• **TASK INSTRUCTIONS**: The records, repeated exactly and in full, are the expected answer.

(EXTRACTED ENTRIES)

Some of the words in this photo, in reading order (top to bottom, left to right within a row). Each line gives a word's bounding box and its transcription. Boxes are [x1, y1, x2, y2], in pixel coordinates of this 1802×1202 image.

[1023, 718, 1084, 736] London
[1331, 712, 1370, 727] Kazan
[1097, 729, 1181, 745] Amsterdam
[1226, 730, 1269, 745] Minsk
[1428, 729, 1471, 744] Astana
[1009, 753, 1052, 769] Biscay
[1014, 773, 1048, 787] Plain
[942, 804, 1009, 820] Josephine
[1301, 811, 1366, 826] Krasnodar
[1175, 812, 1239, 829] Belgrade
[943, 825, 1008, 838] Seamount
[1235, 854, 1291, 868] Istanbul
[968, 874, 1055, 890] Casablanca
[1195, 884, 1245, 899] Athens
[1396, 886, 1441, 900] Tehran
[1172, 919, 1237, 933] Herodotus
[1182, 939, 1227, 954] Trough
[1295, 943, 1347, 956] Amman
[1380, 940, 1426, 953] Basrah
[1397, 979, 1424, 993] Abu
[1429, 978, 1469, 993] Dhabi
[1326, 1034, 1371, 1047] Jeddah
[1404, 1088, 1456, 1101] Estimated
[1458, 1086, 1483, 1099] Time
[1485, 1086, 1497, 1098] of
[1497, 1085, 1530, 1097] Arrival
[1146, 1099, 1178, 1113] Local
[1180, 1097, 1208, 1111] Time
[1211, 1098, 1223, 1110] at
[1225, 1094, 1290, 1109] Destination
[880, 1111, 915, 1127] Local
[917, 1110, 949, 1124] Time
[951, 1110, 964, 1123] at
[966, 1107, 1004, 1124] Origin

(End EXTRACTED ENTRIES)

• **PROBLEM SOLUTION**:
Some of the words in this photo, in reading order (top to bottom, left to right within a row). Each line gives a word's bounding box and its transcription. Boxes are [x1, y1, x2, y2], in pixel coordinates of this 1802×1202 image.

[1023, 718, 1084, 736] London
[1331, 712, 1370, 727] Kazan
[1097, 729, 1181, 745] Amsterdam
[1226, 730, 1269, 745] Minsk
[1428, 729, 1471, 744] Astana
[1009, 753, 1052, 769] Biscay
[1014, 773, 1048, 787] Plain
[942, 804, 1009, 820] Josephine
[1301, 811, 1366, 826] Krasnodar
[1175, 812, 1239, 829] Belgrade
[943, 825, 1008, 838] Seamount
[1235, 854, 1291, 868] Istanbul
[968, 874, 1055, 890] Casablanca
[1195, 884, 1245, 899] Athens
[1396, 886, 1441, 900] Tehran
[1172, 919, 1237, 933] Herodotus
[1182, 939, 1227, 954] Trough
[1295, 943, 1347, 956] Amman
[1380, 940, 1426, 953] Basrah
[1397, 979, 1424, 993] Abu
[1429, 978, 1469, 993] Dhabi
[1326, 1034, 1371, 1047] Jeddah
[1404, 1088, 1456, 1101] Estimated
[1458, 1086, 1483, 1099] Time
[1485, 1086, 1497, 1098] of
[1497, 1085, 1530, 1097] Arrival
[1146, 1099, 1178, 1113] Local
[1180, 1097, 1208, 1111] Time
[1211, 1098, 1223, 1110] at
[1225, 1094, 1290, 1109] Destination
[880, 1111, 915, 1127] Local
[917, 1110, 949, 1124] Time
[951, 1110, 964, 1123] at
[966, 1107, 1004, 1124] Origin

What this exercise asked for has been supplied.